(Reuters) – United Airlines Holdings Inc (UAL.O) on Thursday posted a first-quarter loss of $1.7 billion, including charges against investments in Latin America that have soured as the coronavirus pandemic jolts travel industries worldwide.
Airlines including United have parked jets and slashed flight schedules as demand has virtually vanished due to the pandemic, forcing them to suspend growth plans and shift their focus to saving cash.
Chicago-based United said it had $9.6 billion in liquidity as of April 29, up from $7.2 billion at the end of March, and that its cash burn would range between $40 million and $45 million per day in the second quarter.
United is set to receive $5 billion in payroll aid under the Coronavirus Aid, Relief, and Economic Security (CARES) Act and will likely decide in the third quarter whether to tap a $4.5 billion loan under the same package.
The terms of the payroll aid bar airlines from cutting pay or jobs through Sept. 30, but many including United have said they will have to downsize in the fall if demand has not recovered.

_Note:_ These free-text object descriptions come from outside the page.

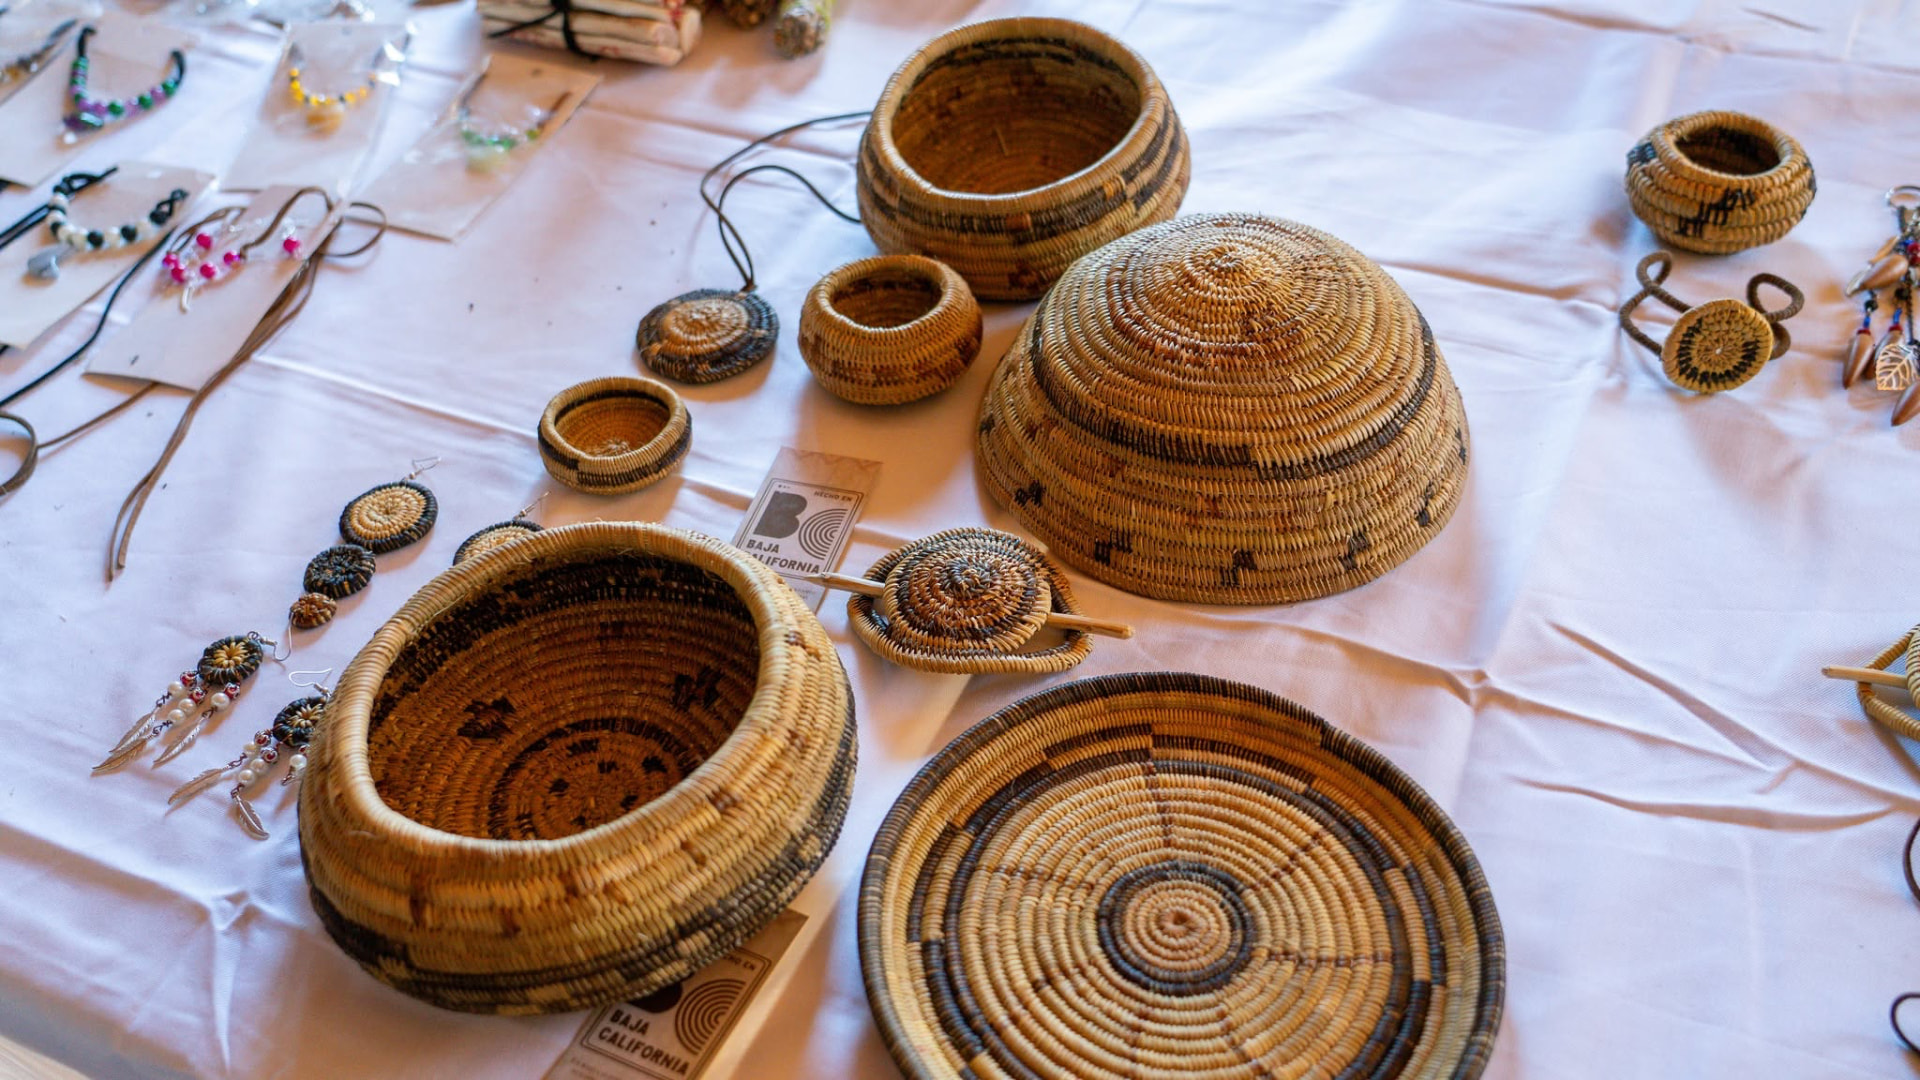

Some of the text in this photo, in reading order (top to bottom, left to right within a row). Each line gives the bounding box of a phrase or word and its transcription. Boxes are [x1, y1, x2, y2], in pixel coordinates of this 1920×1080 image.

[814, 490, 840, 500] HECHO
[746, 539, 780, 554] BAJA
[746, 551, 820, 574] ALIFORNIA
[743, 961, 755, 971] EN
[610, 1009, 651, 1036] BAJA
[598, 1027, 690, 1076] CALIFORNIA
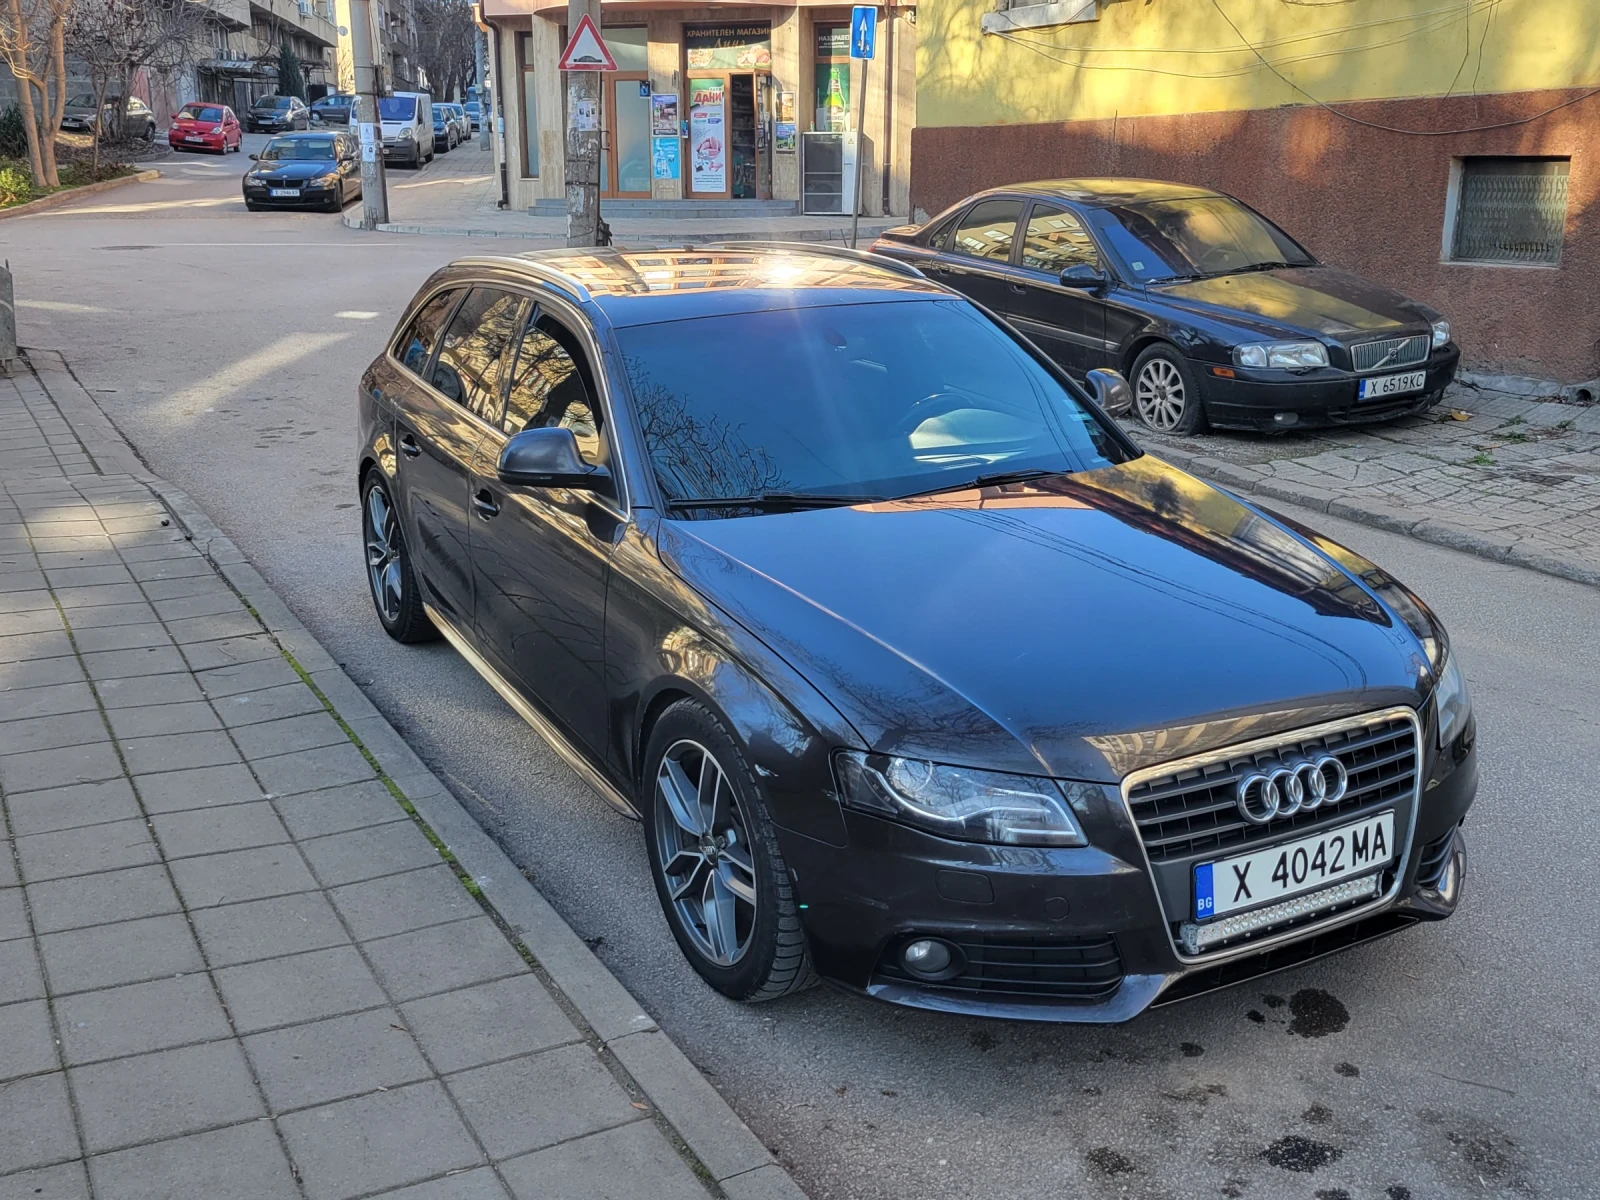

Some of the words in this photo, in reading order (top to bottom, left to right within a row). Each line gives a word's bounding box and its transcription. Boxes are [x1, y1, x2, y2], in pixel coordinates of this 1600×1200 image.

[686, 28, 735, 38] ХРАНИТЕЛЕН
[736, 27, 771, 36] МАГАЗИН
[693, 91, 722, 105] ДАНИ
[1369, 380, 1378, 395] X
[1197, 896, 1213, 910] BG
[1232, 860, 1253, 903] X

“While we are still in the midst of this crisis, we will not hesitate to make difficult decisions we believe will ensure the long term success of our company,” CEO Oscar Munoz said in a statement.

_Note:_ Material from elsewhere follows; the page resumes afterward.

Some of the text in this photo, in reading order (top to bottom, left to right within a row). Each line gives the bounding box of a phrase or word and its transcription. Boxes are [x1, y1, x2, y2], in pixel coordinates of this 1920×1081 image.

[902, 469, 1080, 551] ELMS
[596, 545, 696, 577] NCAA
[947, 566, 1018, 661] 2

The airline industry has said it could take two to three years for demand to reach 2019 levels.
United’s net loss to March 31 compares with a $292 million profit a year earlier. On an adjusted net basis, United’s net loss was $639 million, or a loss of $2.57 per share.
Total operating revenue declined 17% to $8 billion.
United’s shares closed down 5.2% at $29.58 before the results were released.